- _DIRECTIONS FOR THIS TASK_:
Below are records to reproduce in full; copy them exactly but keep the pictures out.

□ □ □

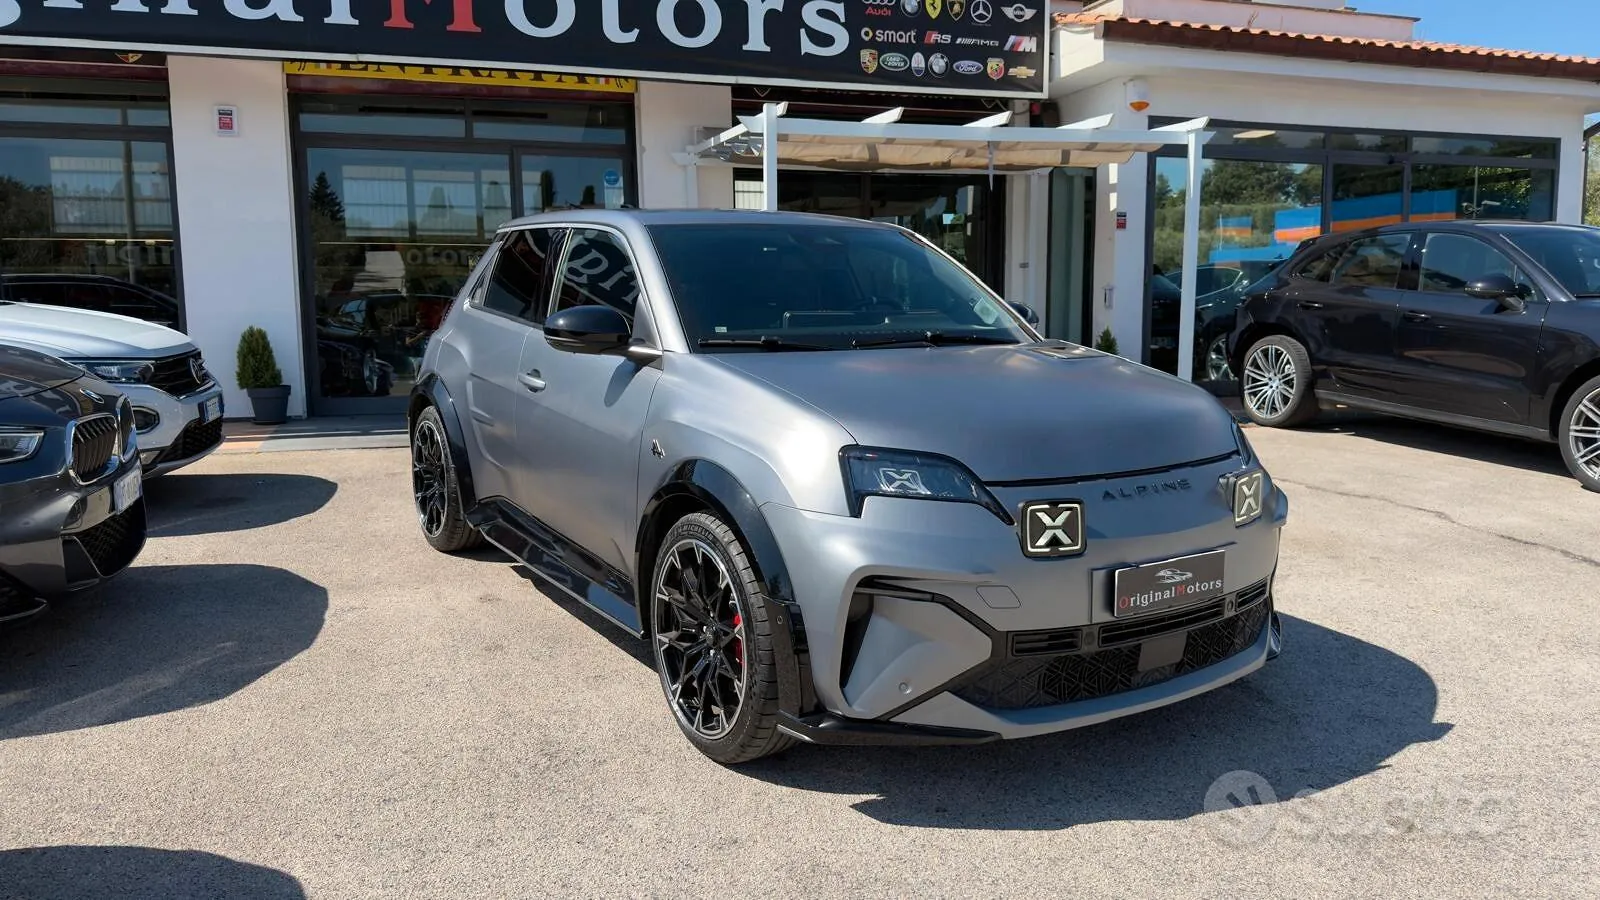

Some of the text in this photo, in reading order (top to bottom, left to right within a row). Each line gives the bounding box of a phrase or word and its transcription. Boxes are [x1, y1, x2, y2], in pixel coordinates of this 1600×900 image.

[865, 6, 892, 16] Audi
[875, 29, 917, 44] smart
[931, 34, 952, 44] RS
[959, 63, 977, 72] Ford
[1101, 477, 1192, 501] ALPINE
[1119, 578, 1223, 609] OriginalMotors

□ □ □

- _RESULT BELOW_:
Some of the text in this photo, in reading order (top to bottom, left to right within a row). Each line gives the bounding box of a phrase or word and its transcription. Boxes are [x1, y1, x2, y2], in pixel coordinates of this 1600×900 image.

[865, 6, 892, 16] Audi
[875, 29, 917, 44] smart
[931, 34, 952, 44] RS
[959, 63, 977, 72] Ford
[1101, 477, 1192, 501] ALPINE
[1119, 578, 1223, 609] OriginalMotors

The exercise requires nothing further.